Em Pelotas, quando já havia iniciado a viagem, conversei com uma senhora que vive com o HIV. “Às vezes estou em um baile da terceira idade. Estou dançando com alguém e vou ao banheiro. Quando volto, a pessoa desapareceu. Sabe o que aconteceu? Alguém chegou e contou: ‘Tu estás dançando com alguém que tem aids’”, ela me contou.

Tu consegues te colocar no lugar dessas pessoas? Temos que fazer esse exercício. E o outro que me gera nojo? Que me gera desprezo? Aquele que acho que tem que ser morto e destruído?

Quando minha irmã descobriu que tinha HIV, não queria que ninguém falasse no assunto. Essa é a cultura do silêncio e invisibilidade que a sociedade quer impor. Como se fosse uma coisa feia, errada.

Se tenho câncer, posso chegar na televisão e contar. Posso contar sobre um ataque cardíaco aos amigos. Mas não posso dizer que tenho HIV. Porque aí estarei marcado pelo erro. Porque culturalmente se construiu que, se foi infectado pelo HIV, é porque fiz algo errado.

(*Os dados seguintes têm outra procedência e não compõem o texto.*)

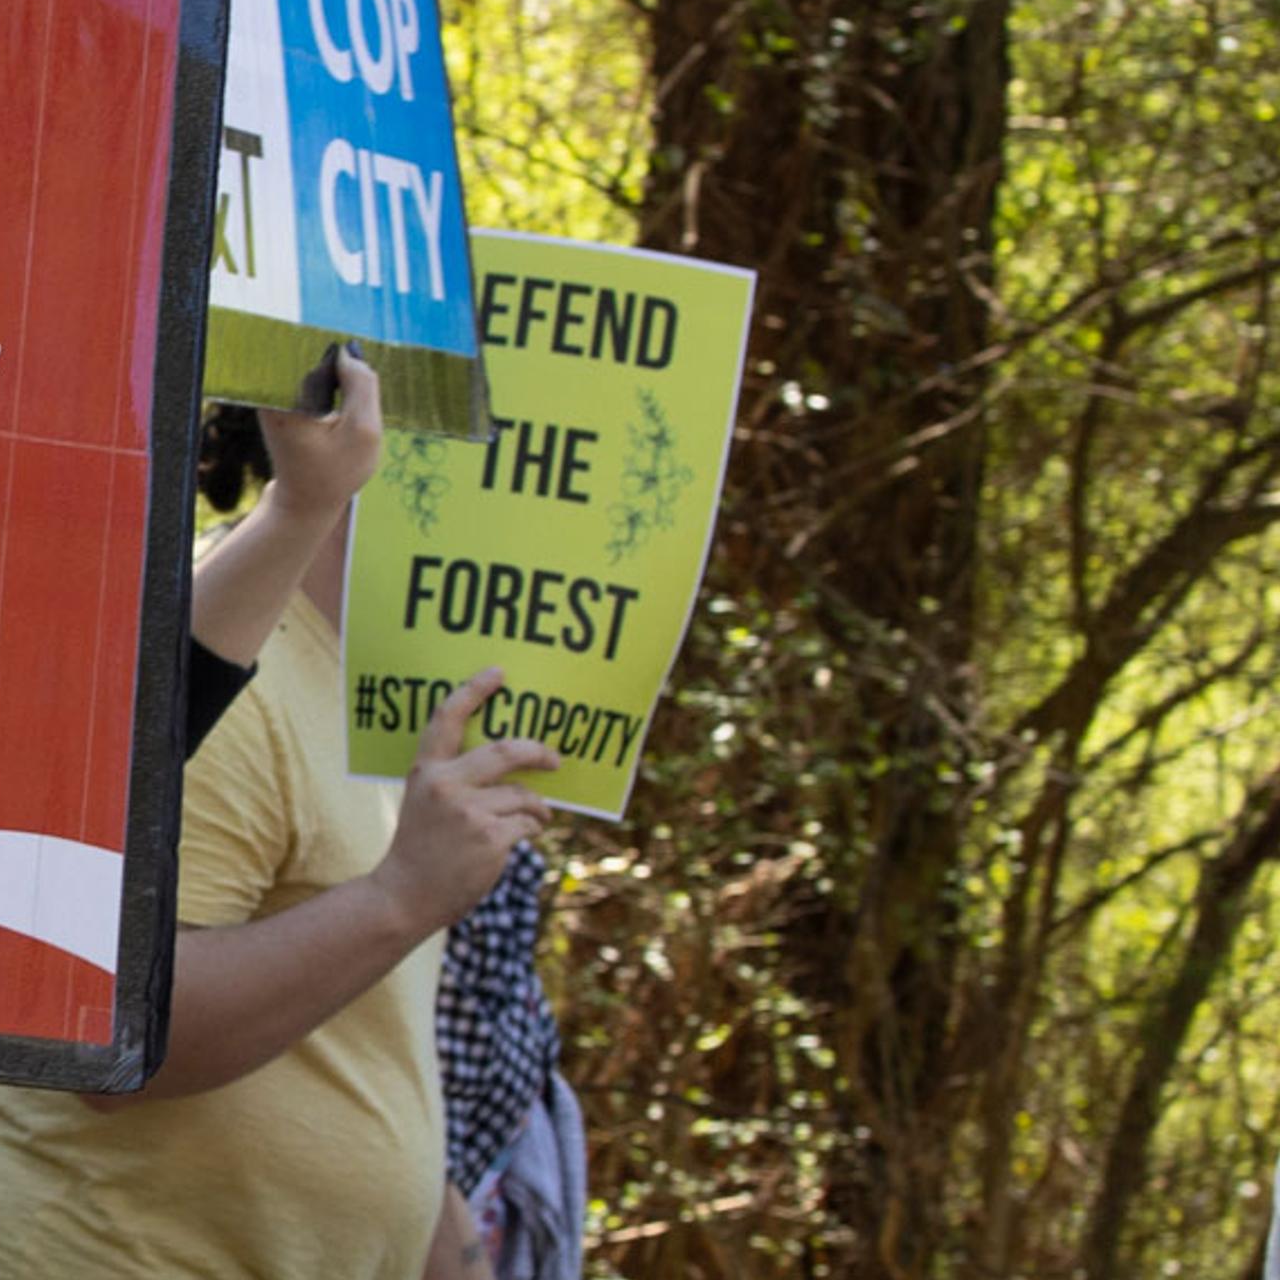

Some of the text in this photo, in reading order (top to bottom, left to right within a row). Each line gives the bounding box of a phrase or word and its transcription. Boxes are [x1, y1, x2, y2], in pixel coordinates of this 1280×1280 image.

[319, 139, 444, 300] CITY
[480, 273, 680, 371] EFEND
[480, 416, 599, 504] THE
[403, 555, 639, 662] FOREST
[355, 673, 643, 768] #STOCOPCITY

Por que minha irmã não queria que se falasse sobre esse assunto e por isso acaba não aderindo ao tratamento? Porque ela tinha introjetado que HIV era resultado de más ações, que tinha que esconder. Isso segue tirando vidas.

Há pessoas que seguem morrendo, que seguem não se tratando ou marcadas por complexo de culpa. É contra as mortes por HIV que luto, é contra novos casos.

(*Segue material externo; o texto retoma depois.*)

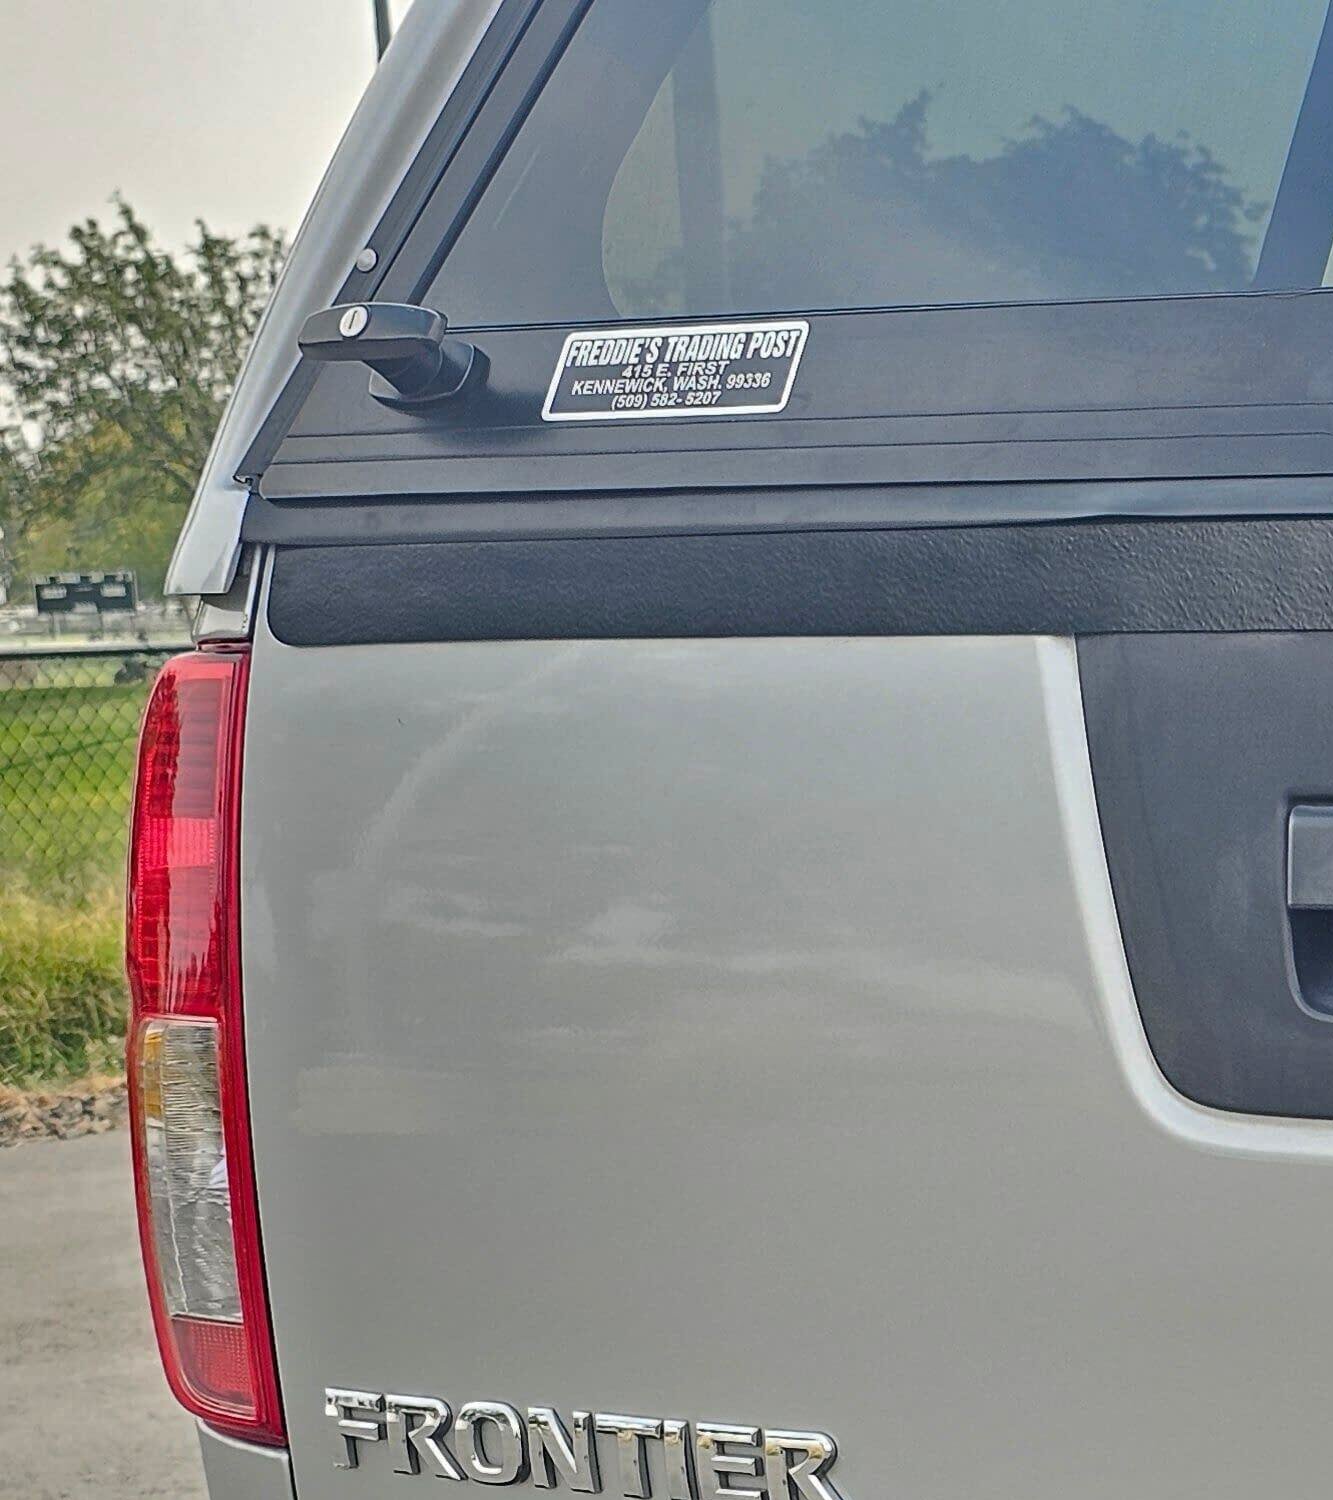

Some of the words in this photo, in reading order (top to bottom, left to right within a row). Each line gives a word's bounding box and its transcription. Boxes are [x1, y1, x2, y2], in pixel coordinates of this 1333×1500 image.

[565, 337, 662, 368] FREDDIE'S
[664, 334, 745, 363] TRADING
[746, 330, 800, 359] POST
[621, 364, 653, 378] 415
[656, 363, 672, 377] E.
[676, 360, 730, 376] FIRST
[571, 377, 668, 396] KENNEWICK,
[672, 374, 722, 391] WASH.
[725, 372, 772, 390] 99336
[610, 391, 648, 411] (509)

Ela impôs que não se falasse sobre isso. Eu já tinha informação sobre o tratamento e sobre a transmissão. Porém, aceitei a imposição. Se não tivesse respeitado, talvez ela estivesse viva, se tivesse dito: “Olha, se tu não te tratares, tu vais morrer. A não adesão significa adoecer e adoecer pode te levar à morte”.

Se me perguntar se me arrependo, sim, me arrependo. Se tivesse falado e não aceitado a imposição que ela tinha incorporado de silêncio, ela poderia estar aí com a gente. Me dói muito saber disso, que poderia ter sido diferente.

Todos podem ter HIV, mas os quem têm, em geral, pertencem a grupos mais marginalizados. Não tenho pretensão de que sozinho eu acabe com o preconceito. O que eu quero é encontrar pessoas e nesses encontros pensarmos juntos em outros horizontes e partilharmos saberes, seja numa rodovia ou estradinha isolada de tudo, perdida no mundo.

Se em um minuto ou dois de conversa eu conseguir mostrar o que sente uma pessoa que leva a marca de um estigma e isso ajudar essa pessoa a ser mais solidária com os sofredores do mundo, acho que já ganhei bastante coisa.